* _What you have to do_:
Print the listing below again, exactly. Skip the pictures.

* _Material supplied_:
*****
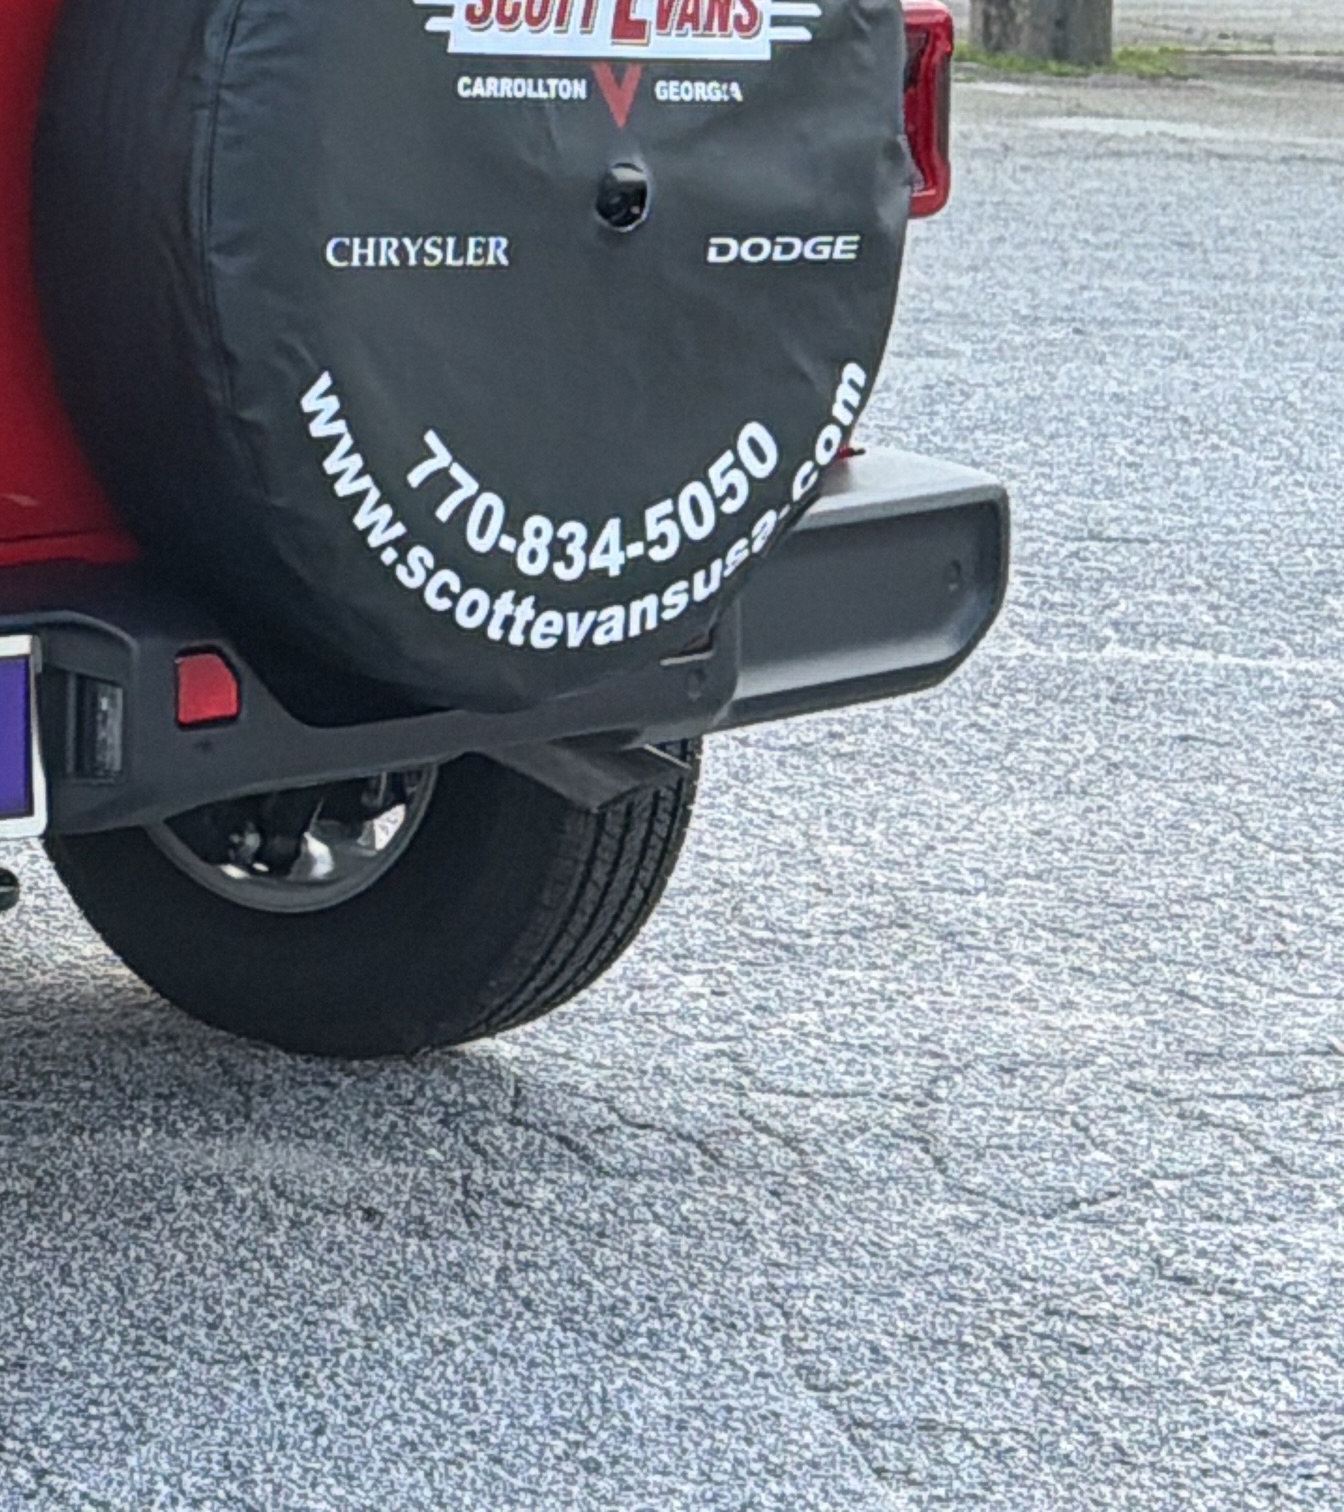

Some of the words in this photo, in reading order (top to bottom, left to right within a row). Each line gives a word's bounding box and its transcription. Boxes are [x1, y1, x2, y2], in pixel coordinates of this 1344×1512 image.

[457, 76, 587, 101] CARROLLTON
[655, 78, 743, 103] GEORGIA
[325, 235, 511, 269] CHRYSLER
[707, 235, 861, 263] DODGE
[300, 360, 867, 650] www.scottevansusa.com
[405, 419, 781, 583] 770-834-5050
*****
* _Worked solution_:
Some of the words in this photo, in reading order (top to bottom, left to right within a row). Each line gives a word's bounding box and its transcription. Boxes are [x1, y1, x2, y2], in pixel coordinates of this 1344×1512 image.

[457, 76, 587, 101] CARROLLTON
[655, 78, 743, 103] GEORGIA
[325, 235, 511, 269] CHRYSLER
[707, 235, 861, 263] DODGE
[300, 360, 867, 650] www.scottevansusa.com
[405, 419, 781, 583] 770-834-5050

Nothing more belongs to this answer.